Friday, 15 de November de 2024 ISSN 1519-7670 - Ano 24 - nº 1314

A imprensa aloprou

A Folha de S.Paulo consegue se superar a cada nova edição. Mais surpreendente do que a publicação do abjeto texto de Cesar Benjamin (sexta, 27/11), sobre o comportamento sexual do líder metalúrgico Lula da Silva quando esteve preso em 1979, foi a completa evaporação do assunto a partir do domingo (29), exceto na seção de cartas dos leitores.


Num dia o jornal chafurda na lama, dois dias depois se apresenta perante os leitores de roupa limpa e cara lavada, como se nada tivesse acontecido. E pronto para outra.

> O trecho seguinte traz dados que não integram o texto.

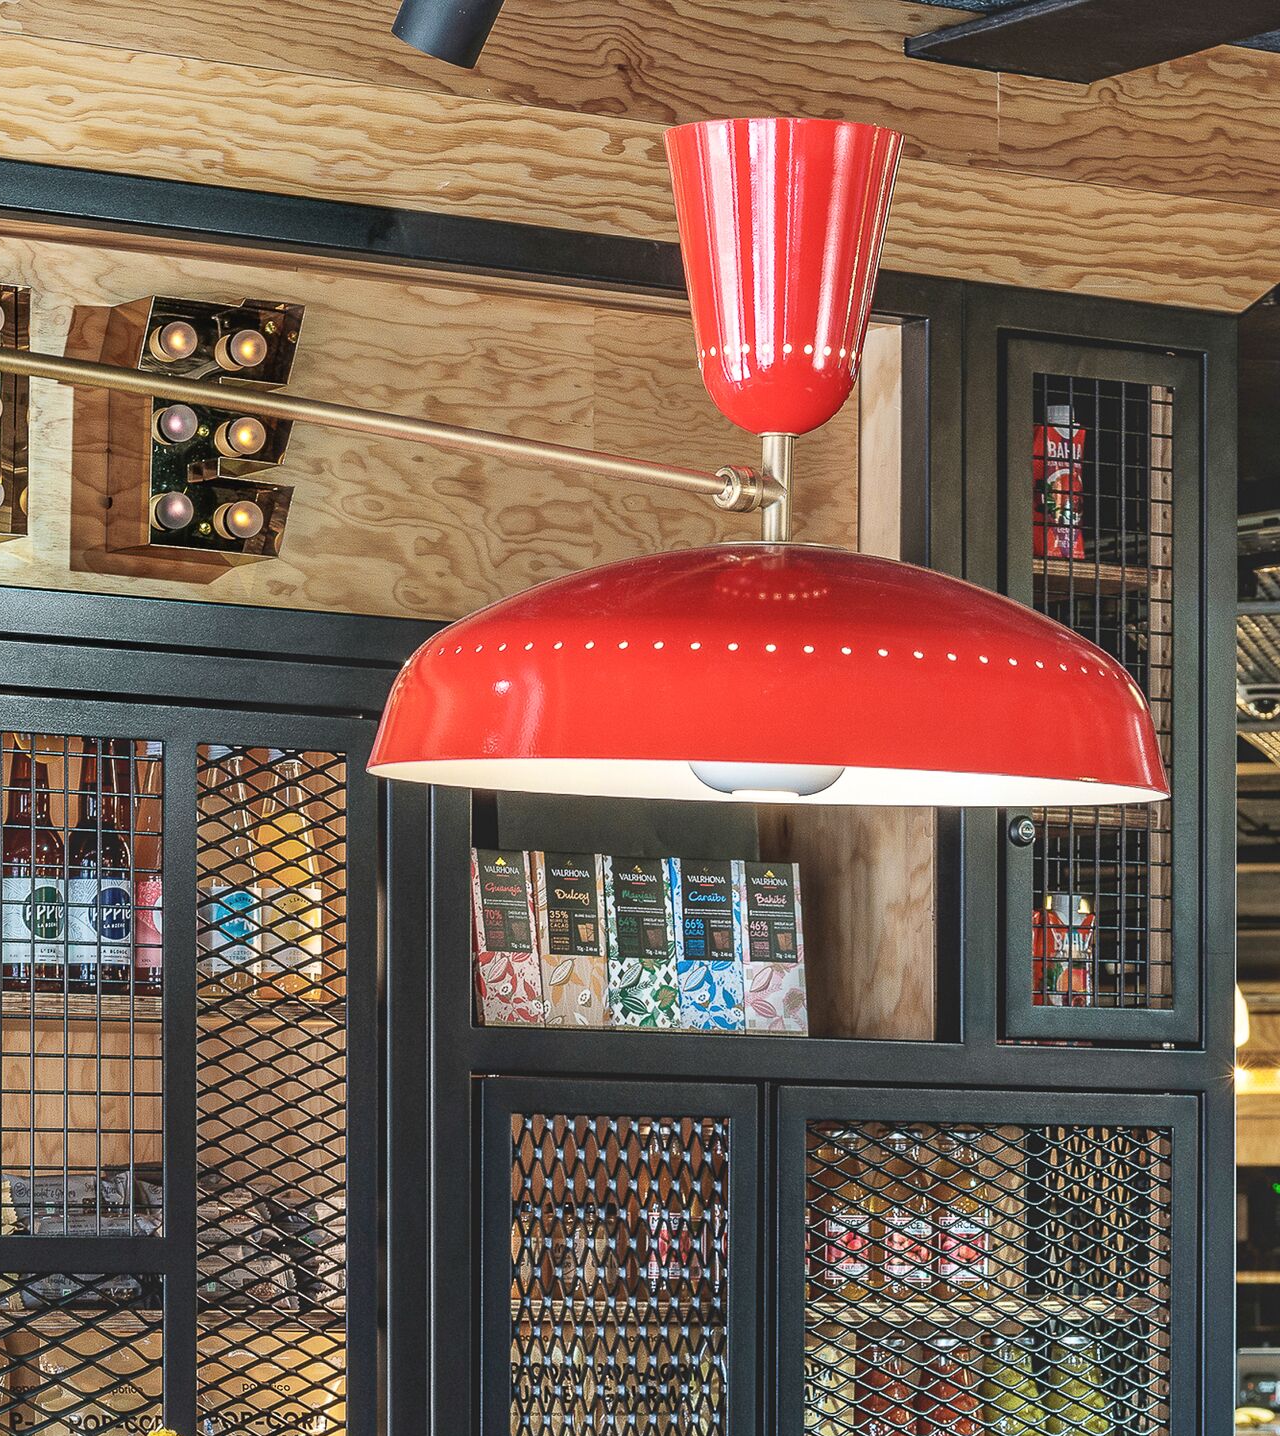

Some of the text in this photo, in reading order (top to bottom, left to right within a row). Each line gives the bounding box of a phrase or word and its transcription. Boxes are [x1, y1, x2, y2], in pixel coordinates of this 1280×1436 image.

Não vai pedir desculpas? Não pretende submeter-se ao escrutínio da sociedade? Não se anima a fazer um debate em seu auditório e depois publicá-lo como faz habitualmente? E onde se meteram os procedimentos auto-reguladores que as empresas de mídia prometem há tanto tempo quando se apresentam como arautos da ética? Não seria esta uma oportunidade para ensaiar algo como a britânica Press Complaints Comission (Comissão de Queixas contra a Imprensa)?


E por que se cala a Associação Nacional de Jornais? Este não é um episódio que põe em risco a credibilidade da instituição jornalística brasileira? Um vexame destas proporções não poderia servir de pretexto para retaliações futuras? Ficou claro que depois do protesto inicial (‘Isto é uma loucura!’), o presidente Lula encerrará magnanimamente o episódio. A Folha, em compensação, enfiará o rabo entre as pernas.


Ninguém estrila


É bom não perder de vista o fato de que esta lambança de um jornal isolado será fatalmente estendida à mídia como instituição. E logo alimentará as inevitáveis desavenças da próxima campanha eleitoral. Isto não interessa aos que desejam preservar o resto de republicanismo desta imensa republiqueta nem àqueles que levam o jornalismo a sério e não querem vê-lo desacreditado, como acontece na Venezuela.


A verdade é que a imprensa brasileira aloprou, levou a sério sua proximidade com o show-business; a obsessão pelo espetáculo e pela ‘leveza’ levou-a para o âmbito da ligeireza, vizinha da irresponsabilidade.


Por outro lado, o controle centralizado das redações associado ao terror de iminentes demissões em massa desestimula qualquer cautela e a mínima prudência. Ninguém estrila ou esperneia. Os jornalistas brasileiros, apesar de tão jovens, andam encurvados – de tanto dar de ombros e não importar-se.


Ano penoso


Há exceções, tênues, percebidas apenas pelos especialistas, porque nossa mídia – ao contrário do que acontece nos EUA e Europa – faz questão de apresentar-se indiferenciada, uniformizada, monolítica, sem nuances.


Este 2009 foi um ano penoso para a Folha, o jornal talvez prefira esquecê-lo. Mas seus parceiros de corporação deveriam refletir sobre o perigo de atrelar uma indústria ou instituição aos faniquitos juvenis de quem ainda não conseguiu assimilar os compromissos públicos de uma empresa privada de comunicação.


***


Em tempo: O recuo da Folha na edição de terça-feira (1/12) é ainda mais vergonhoso do que a denúncia da sexta-feira anterior. Colocar na boca do pivô do episódio que ‘o artigo de Benjamim é um horror’ é uma manobra capciosa, covarde, para responsabilizar um articulista delirante e inocentar diretores irresponsáveis. A Nota da Redação, na seção de cartas, está atrasada quatro dias: pode satisfazer as dezenas de missivistas que se manifestaram, mas despreza os milhares que, horrorizados, leram o resto do jornal.